USS Grampus (SS-523), a Tench-class submarine, was the seventh ship of the United States Navy to be named for two members of the dolphin family (Delphinidae): Grampus griseus, also known as Risso's dolphin, and the orca, also known as the killer whale.

==Construction and commissioning==
Grampus′s keel was laid down on 8 February 1944 at the Boston Navy Yard in Boston, Massachusetts. She was launched on 16 December 1944, but World War II ended before she was completed, and she sat idle until construction resumed in 1948. On 26 October 1949, she was both christened — by her sponsor, Charlotte Linné Woodward, wife of Vice Admiral Clark H. Woodward, who also sponsored the previous USS Grampus (SS-207) and commissioned.

==Operational history==

===1949-1966===
With her new snorkeling equipment, which permitted her to remain submerged for periods far longer than the World War II fleet submarines, Grampus served as a prototype for the GUPPY submarines and also incorporated many features to appear later in nuclear submarines. Attached to SubDiv 61 at Norfolk, Virginia, she participated in a variety of exercises along the East Coast and in the Caribbean Sea, including torpedo and attack exercises, snorkeling tests and demonstrations, and antisubmarine training. Grampus also did a great deal of work with the early HUK (Hunter-Killer) antisubmarine patrols, now a vital part of American defenses, to whose development she greatly contributed.

From 5 January to 2 April 1955 Grampus proceeded independently to the Mediterranean Sea, where she "showed the flag" at Algiers, Naples, Barcelona, Malta, Beirut, Monaco, and Gibraltar before returning to Norfolk and her routine of exercises and tests, spaced with regular overhauls at Portsmouth, New Hampshire, and Philadelphia, Pennsylvania. During the late 1950s and early 1960s Grampus operated out of Norfolk in the North Atlantic.

Under the command of Lieutenant Commander D.A. Kilmer, Grampus sailed with Task Force "Alfa" for six weeks prior to 13 February 1964. On 3 April, she deployed with the Sixth Fleet in the Mediterranean Sea until 3 August.

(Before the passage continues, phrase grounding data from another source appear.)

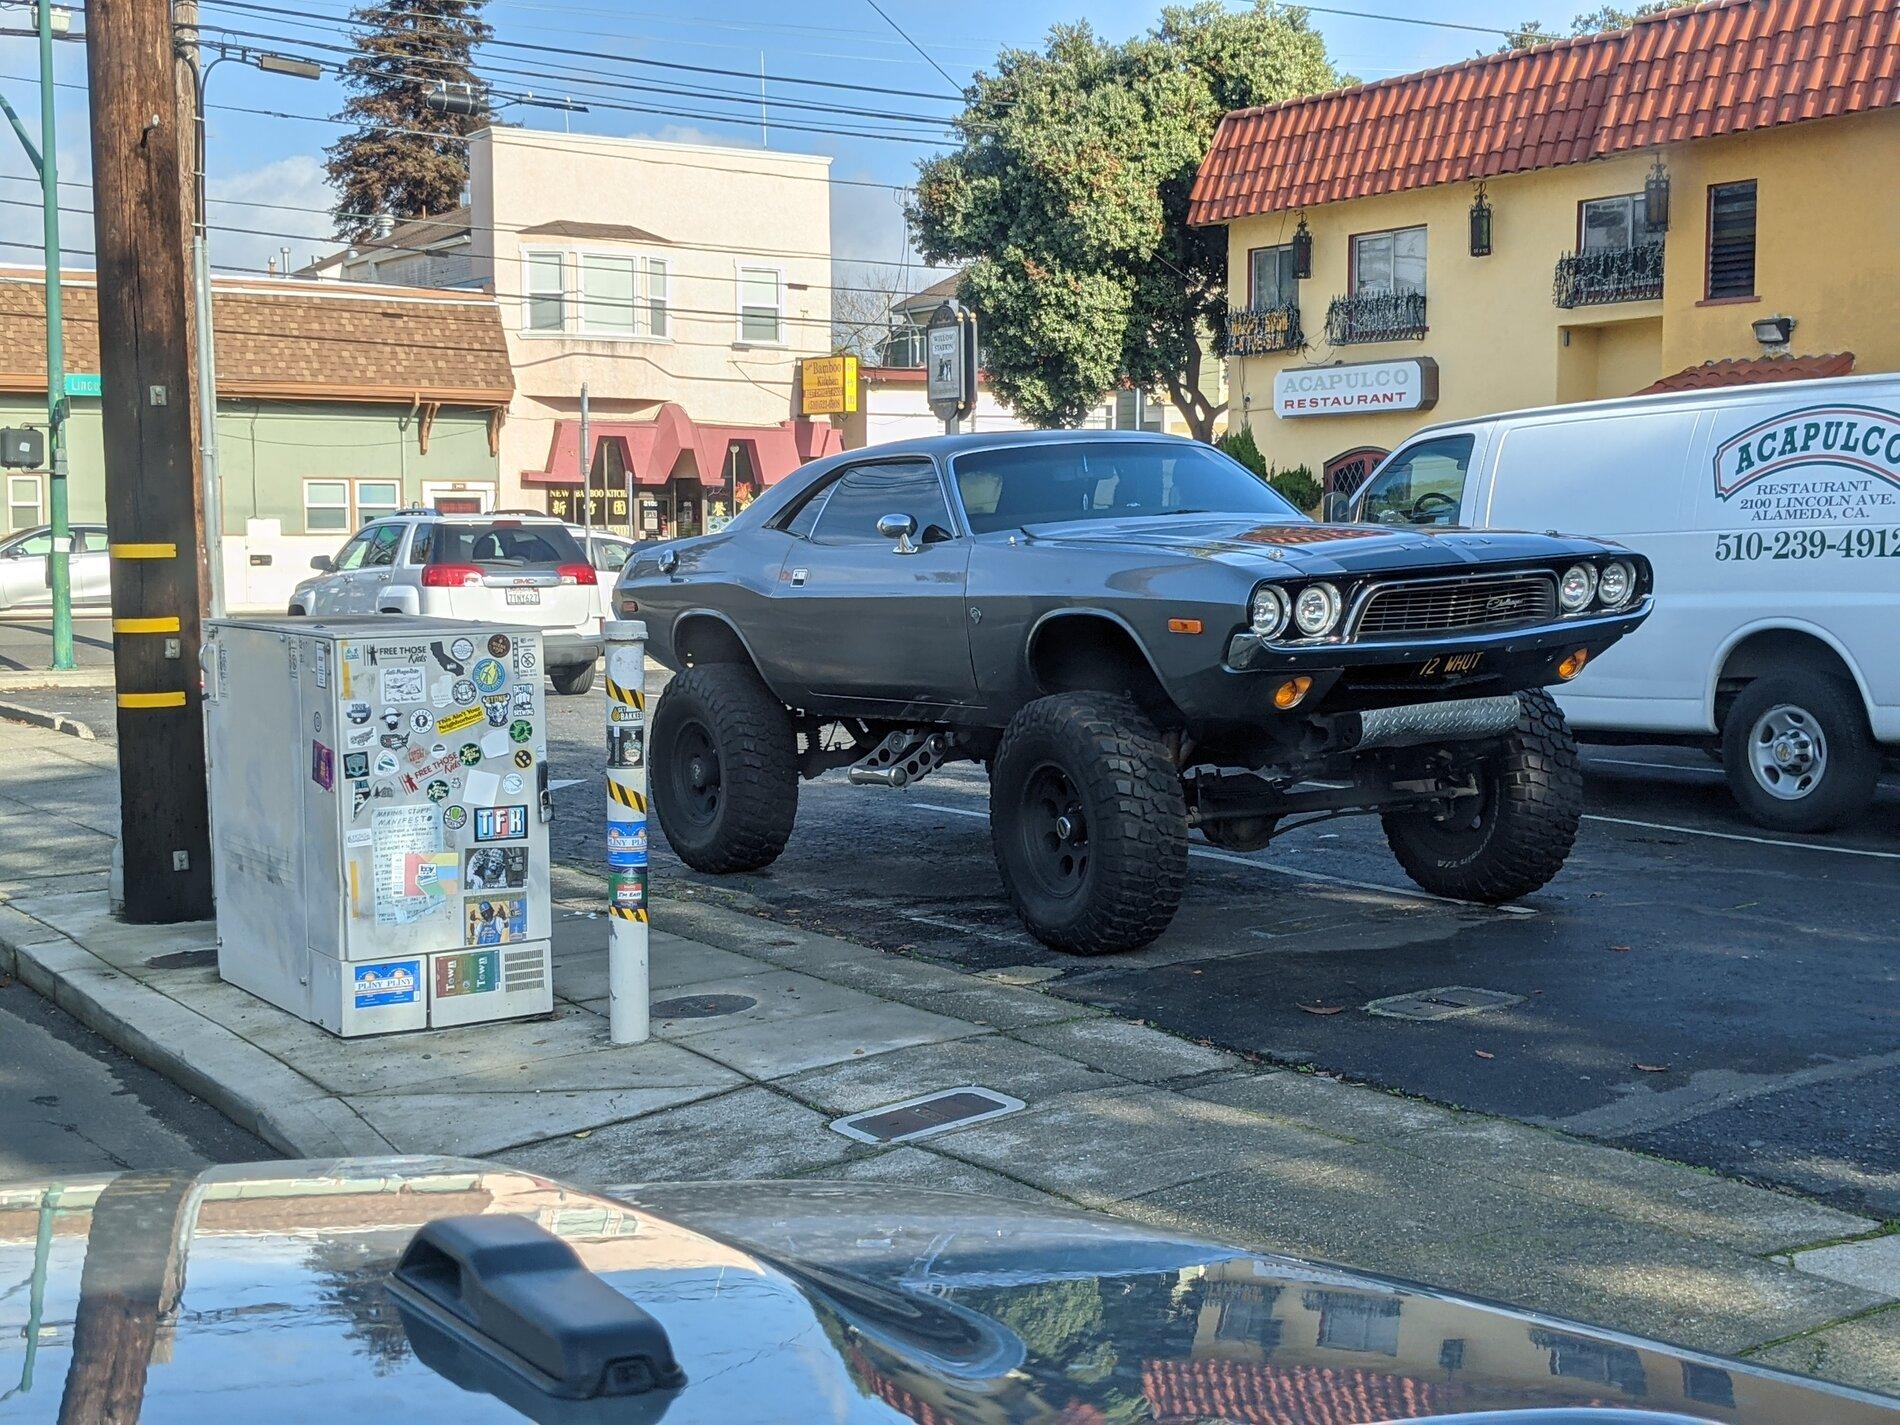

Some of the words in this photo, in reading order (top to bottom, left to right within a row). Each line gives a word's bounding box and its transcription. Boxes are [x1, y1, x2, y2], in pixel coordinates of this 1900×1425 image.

[813, 360, 842, 374] Bamboo
[70, 376, 101, 392] Linco
[1283, 368, 1409, 393] ACAPULCO
[1284, 391, 1407, 410] RESTAURANT
[549, 489, 570, 498] NEW
[575, 489, 604, 498] BABOO
[1756, 480, 1872, 496] RESTAURANT
[1740, 498, 1772, 510] 2100
[1775, 495, 1850, 509] LINCOLN
[1856, 493, 1896, 506] AVE.
[1751, 508, 1837, 521] ALAMEDA,
[1842, 507, 1870, 519] CA.
[1715, 528, 1900, 561] 510-239-4912
[379, 647, 398, 656] FREE
[399, 645, 427, 655] THOSE
[415, 765, 433, 779] FREE
[433, 751, 459, 769] THOSE

She operated out of the Virginia Capes until entering Philadelphia Naval Shipyard in mid-April 1965 for overhaul. After refresher training and shakedown in the fall, Grampus operated along the East Coast engaging primarily in ASW exercises.

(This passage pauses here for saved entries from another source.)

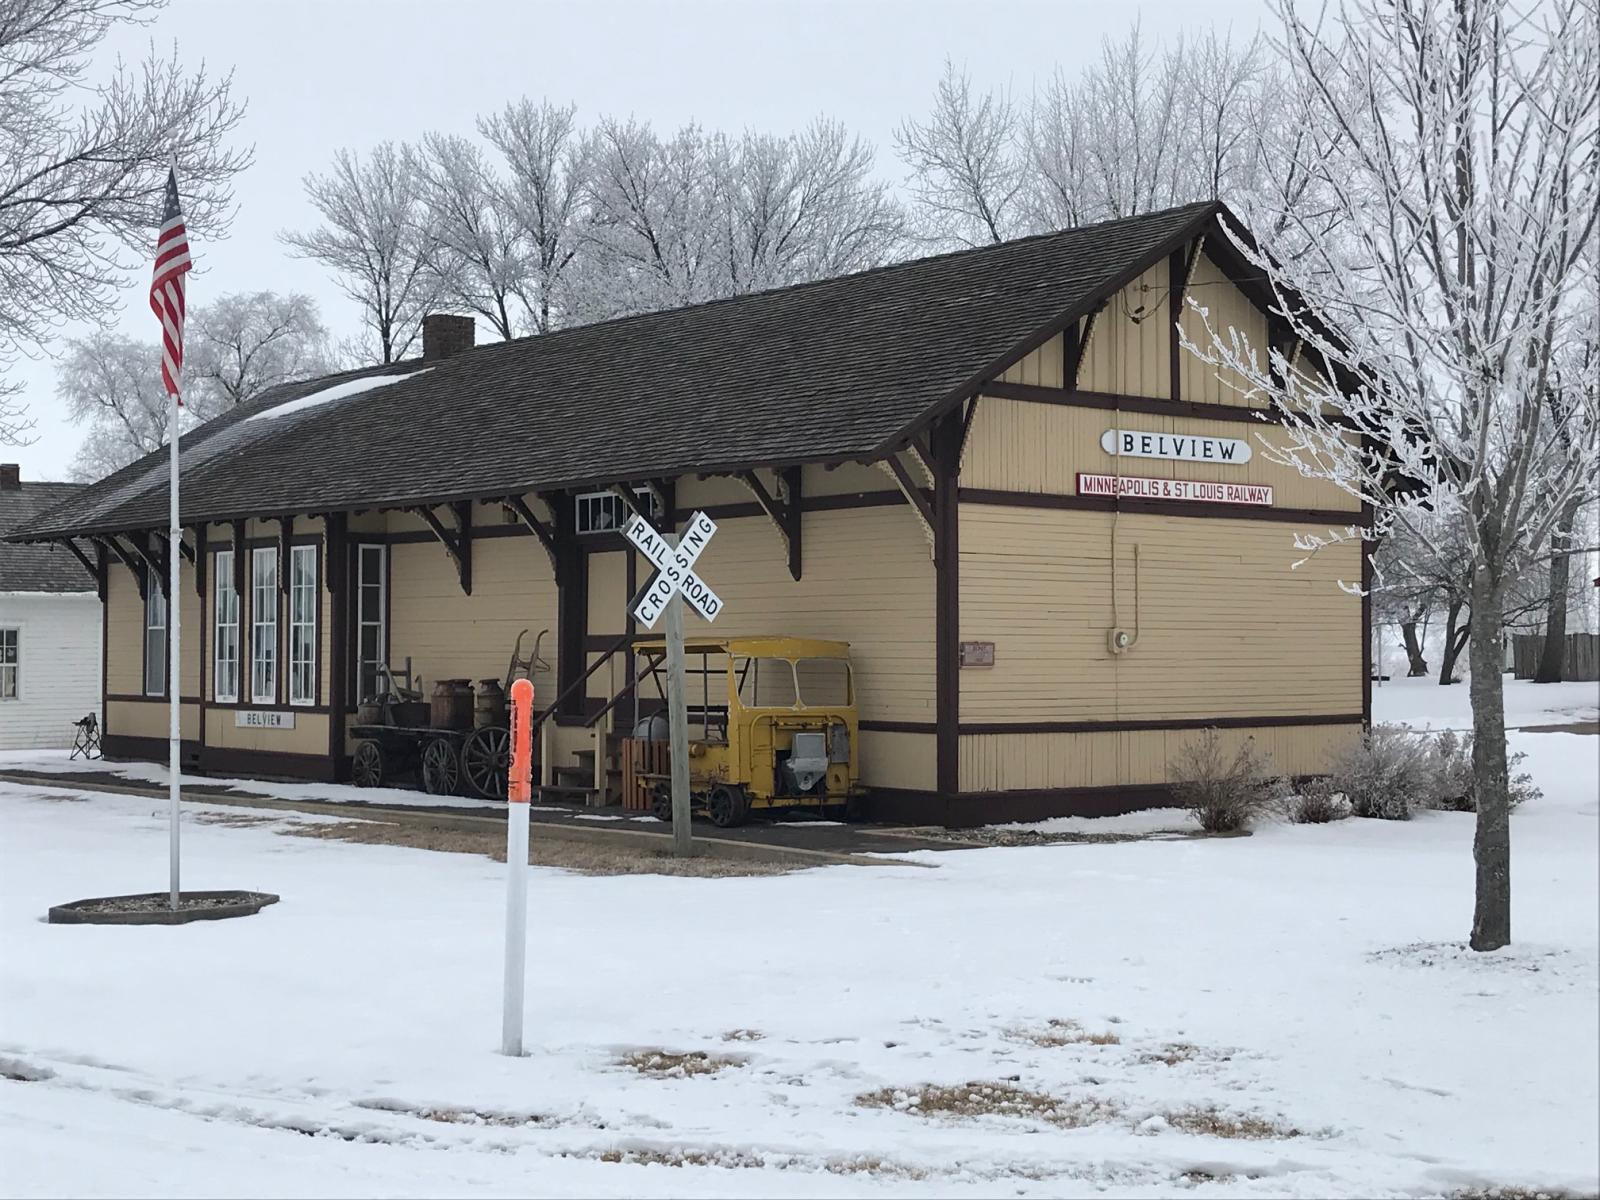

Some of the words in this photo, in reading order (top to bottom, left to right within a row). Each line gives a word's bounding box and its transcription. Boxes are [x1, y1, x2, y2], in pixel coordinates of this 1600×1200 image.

[1123, 434, 1236, 460] BELVIEW
[1083, 476, 1159, 497] MINNEAPOLIS
[1163, 482, 1171, 496] &
[1174, 483, 1189, 498] ST
[1193, 485, 1224, 500] LOUIS
[1227, 487, 1270, 503] RAILWAY
[632, 522, 666, 566] RAIL
[681, 574, 718, 615] ROAD
[640, 518, 712, 622] CROSSING
[247, 713, 281, 726] BELVIEW

She departed Norfolk, Virginia, on 13 May 1966 for the eastern Atlantic and Northern European countries to participate in NATO ASW exercises. Back in Norfolk on 30 August, she resumed operations in the Virginia Capes area and Caribbean Sea until sailing 29 December to Philadelphia, Pennsylvania, for repairs in the naval shipyard. Shipshape again, she resumed operations with the Atlantic Fleet.

===1967-1981 (Decommissioning and service for Brazil)===

Grampus was decommissioned and struck from the Naval Vessel Register on 13 May 1972, and sold under the Security Assistance Program to Brazil, where was renamed Rio Grande do Sul (S-11). (She replaced the previous Rio Grande do Sul (S-11), ex-Sand Lance.) After six years of service, she was decommissioned on 16 November 1978 and scrapped on 18 June 1981.